With pictures removed, output every record below exactly as written.
---------- Source information
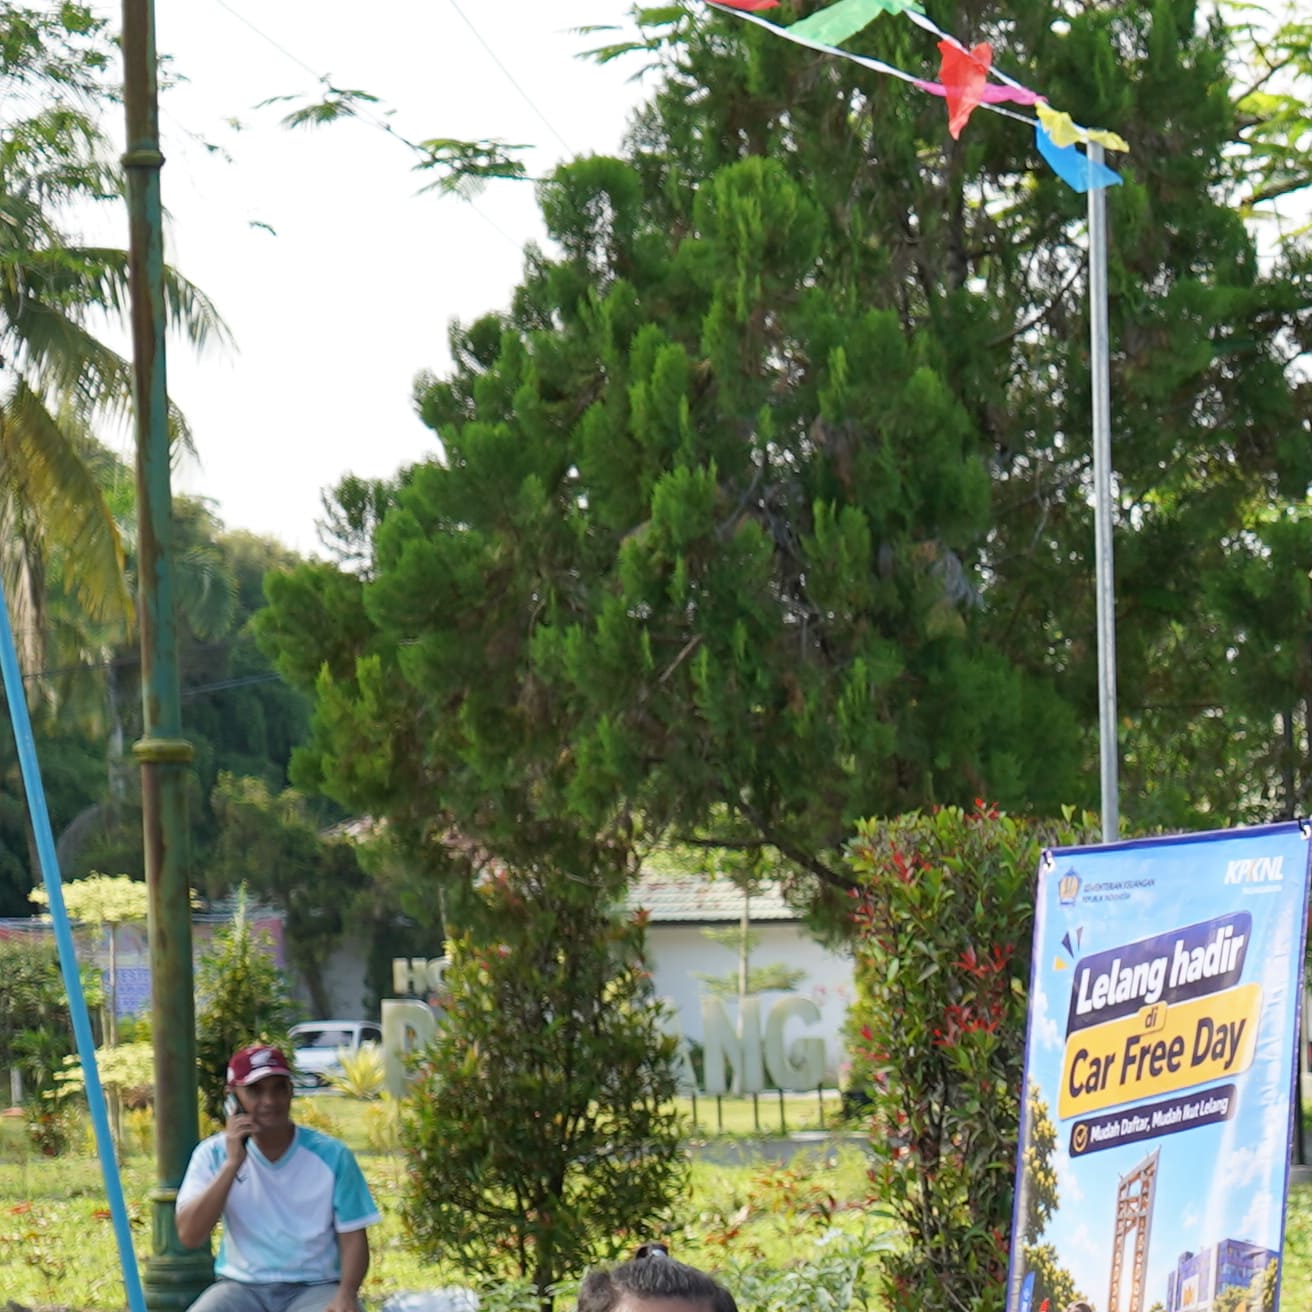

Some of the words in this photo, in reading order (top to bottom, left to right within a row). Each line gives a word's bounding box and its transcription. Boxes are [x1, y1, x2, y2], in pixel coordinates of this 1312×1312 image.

[1224, 856, 1284, 885] KPKNL
[1076, 954, 1164, 1015] Lelang
[1169, 924, 1246, 987] hadir
[1144, 1006, 1159, 1030] di
[1068, 1048, 1115, 1099] Car
[1120, 1034, 1184, 1085] Free
[1191, 1016, 1247, 1071] Day
[1090, 1120, 1120, 1142] Mudah
[1151, 1106, 1182, 1129] Mudah
[1199, 1097, 1229, 1116] Lelang
--------------------
Output >>
Some of the words in this photo, in reading order (top to bottom, left to right within a row). Each line gives a word's bounding box and its transcription. Boxes are [x1, y1, x2, y2], in pixel coordinates of this 1312×1312 image.

[1224, 856, 1284, 885] KPKNL
[1076, 954, 1164, 1015] Lelang
[1169, 924, 1246, 987] hadir
[1144, 1006, 1159, 1030] di
[1068, 1048, 1115, 1099] Car
[1120, 1034, 1184, 1085] Free
[1191, 1016, 1247, 1071] Day
[1090, 1120, 1120, 1142] Mudah
[1151, 1106, 1182, 1129] Mudah
[1199, 1097, 1229, 1116] Lelang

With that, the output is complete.